§ **WHAT THE TASK REQUIRES**:
In your copy, leave out the pictures; write out all the data exactly.

§ **MATERIAL FOR THE TASK**:
• • • • • • •

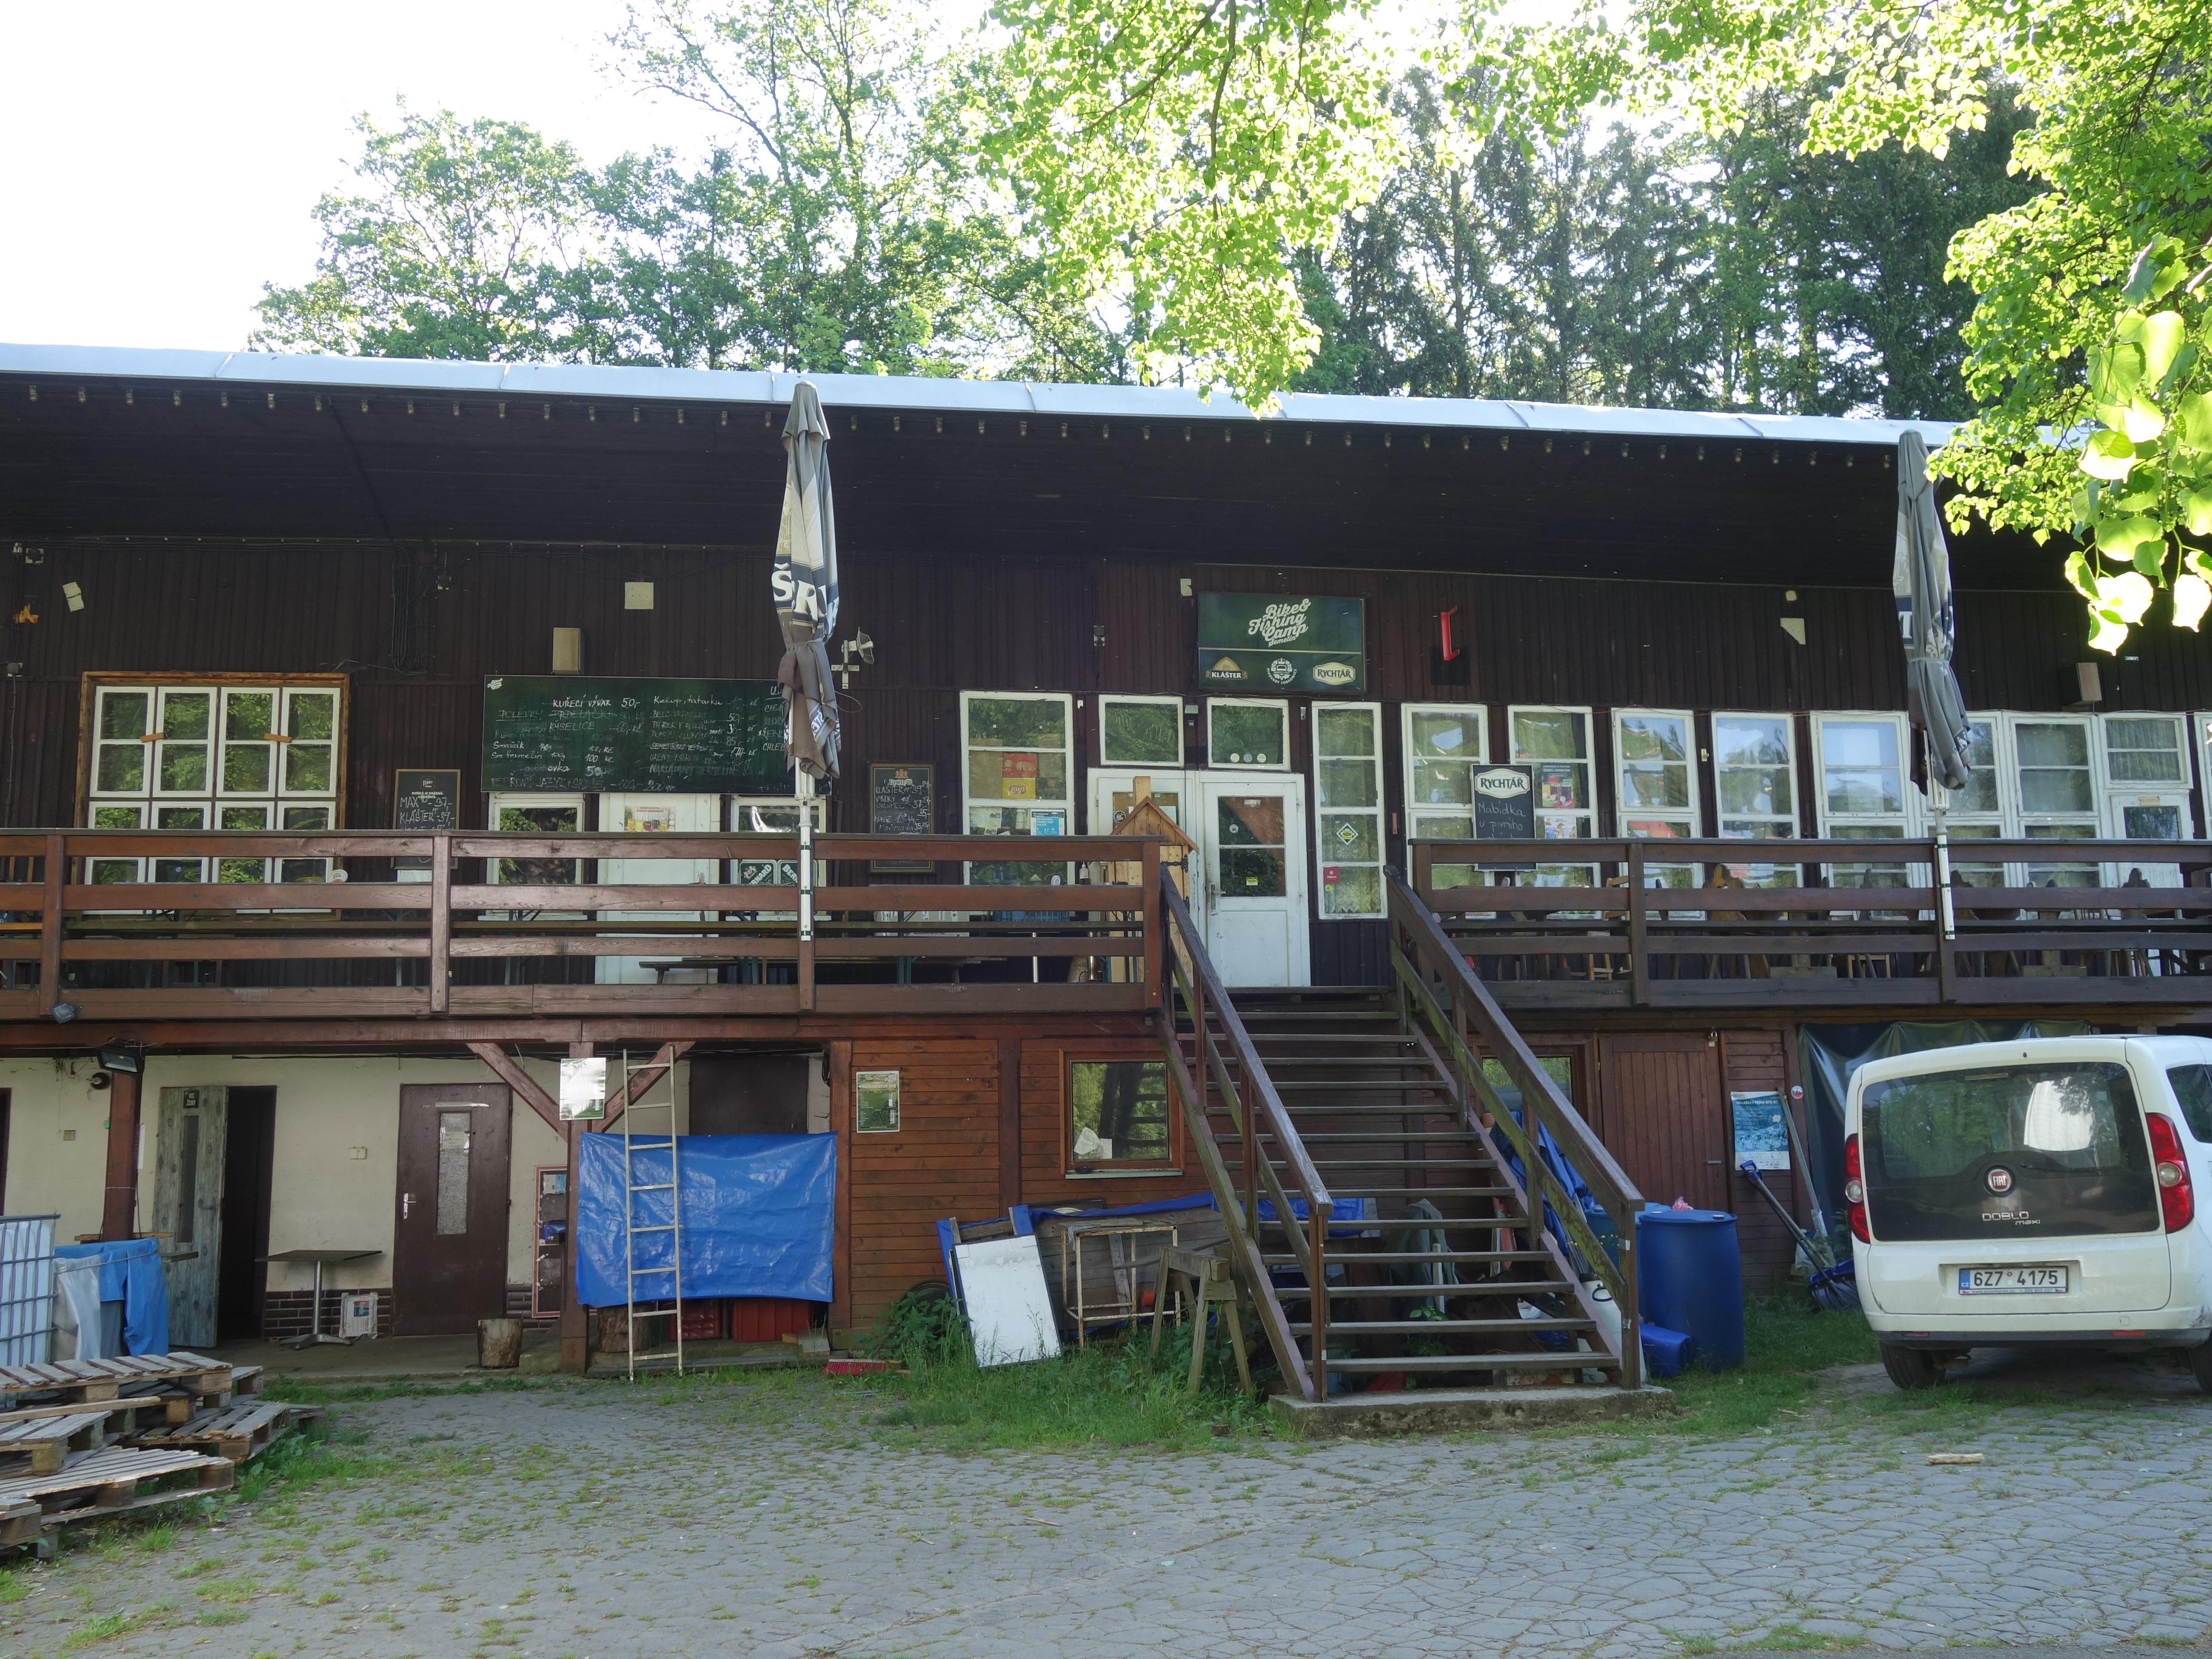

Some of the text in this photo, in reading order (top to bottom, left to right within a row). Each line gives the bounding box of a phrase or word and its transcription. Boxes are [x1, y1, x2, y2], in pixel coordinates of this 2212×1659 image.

[1263, 598, 1312, 619] Bike&
[1248, 613, 1307, 635] Fishing
[1262, 623, 1309, 641] Camp
[1212, 670, 1242, 679] KLÁŠTER
[1318, 668, 1352, 678] RYCHTÁŘ
[553, 694, 587, 708] KUŘECÍ
[588, 695, 611, 708] VÝVAR
[1480, 776, 1526, 790] RYCHTÁŘ
[400, 796, 419, 808] MAX
[1478, 800, 1526, 817] Nabídka
[400, 809, 434, 824] KLÁŠTER
[1489, 816, 1523, 833] pivního
[748, 864, 772, 885] RNARD
[1992, 1175, 2006, 1186] FIAT
[1982, 1211, 2029, 1221] DOBLO
[1974, 1270, 2058, 1287] 6Z7 4175

• • • • • • •

§ **RESPONSE BOX**:
Some of the text in this photo, in reading order (top to bottom, left to right within a row). Each line gives the bounding box of a phrase or word and its transcription. Boxes are [x1, y1, x2, y2], in pixel coordinates of this 2212×1659 image.

[1263, 598, 1312, 619] Bike&
[1248, 613, 1307, 635] Fishing
[1262, 623, 1309, 641] Camp
[1212, 670, 1242, 679] KLÁŠTER
[1318, 668, 1352, 678] RYCHTÁŘ
[553, 694, 587, 708] KUŘECÍ
[588, 695, 611, 708] VÝVAR
[1480, 776, 1526, 790] RYCHTÁŘ
[400, 796, 419, 808] MAX
[1478, 800, 1526, 817] Nabídka
[400, 809, 434, 824] KLÁŠTER
[1489, 816, 1523, 833] pivního
[748, 864, 772, 885] RNARD
[1992, 1175, 2006, 1186] FIAT
[1982, 1211, 2029, 1221] DOBLO
[1974, 1270, 2058, 1287] 6Z7 4175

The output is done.